_Stored data entries_.

----------

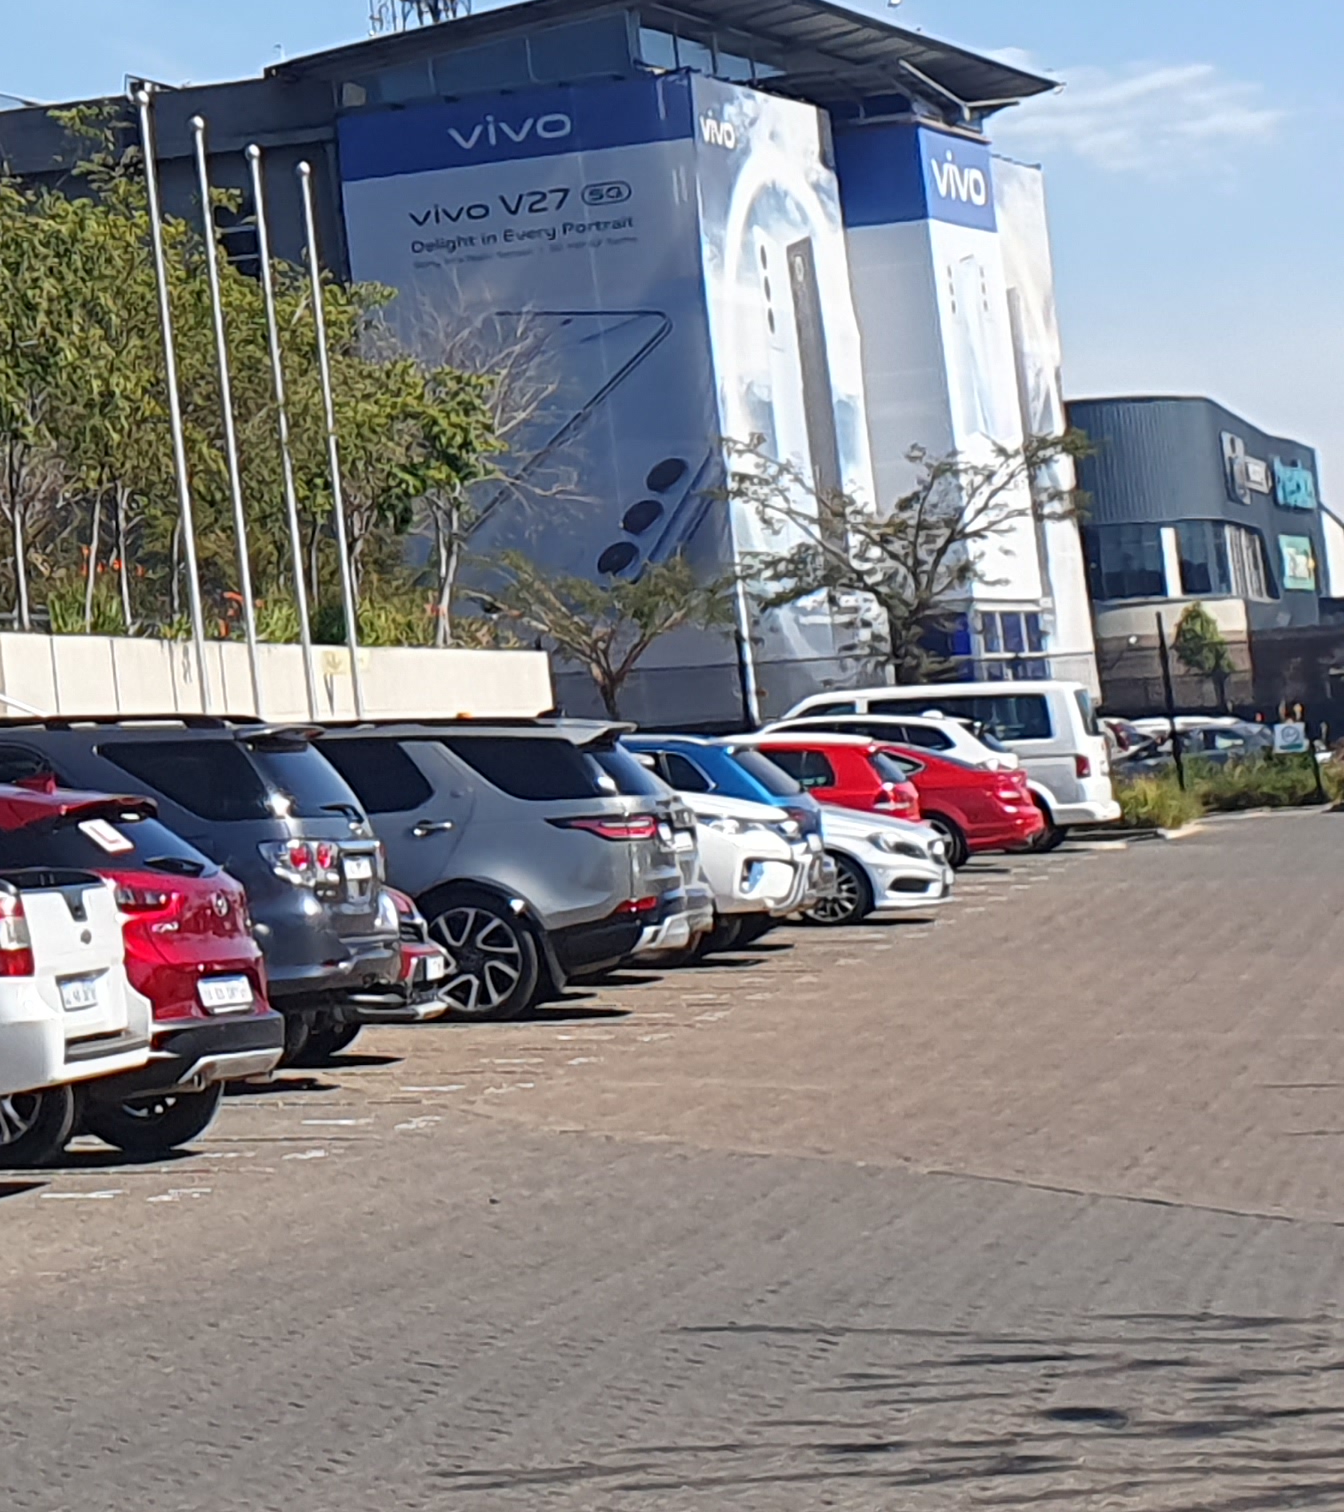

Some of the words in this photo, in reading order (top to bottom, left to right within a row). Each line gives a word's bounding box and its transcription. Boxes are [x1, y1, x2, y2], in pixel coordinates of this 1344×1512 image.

[447, 114, 572, 150] vivo
[699, 109, 736, 150] vivo
[930, 149, 986, 206] vivo
[408, 203, 490, 227] vivo
[498, 188, 571, 216] V27
[411, 232, 477, 254] Delight
[480, 232, 498, 245] in
[502, 226, 557, 243] Every
[561, 216, 635, 236] Portrait

----------

_TASK REQUIREMENTS_. Print all data above verbatim, except pictures.

_ANSWER FOR THE TASK_.
Some of the words in this photo, in reading order (top to bottom, left to right within a row). Each line gives a word's bounding box and its transcription. Boxes are [x1, y1, x2, y2], in pixel coordinates of this 1344×1512 image.

[447, 114, 572, 150] vivo
[699, 109, 736, 150] vivo
[930, 149, 986, 206] vivo
[408, 203, 490, 227] vivo
[498, 188, 571, 216] V27
[411, 232, 477, 254] Delight
[480, 232, 498, 245] in
[502, 226, 557, 243] Every
[561, 216, 635, 236] Portrait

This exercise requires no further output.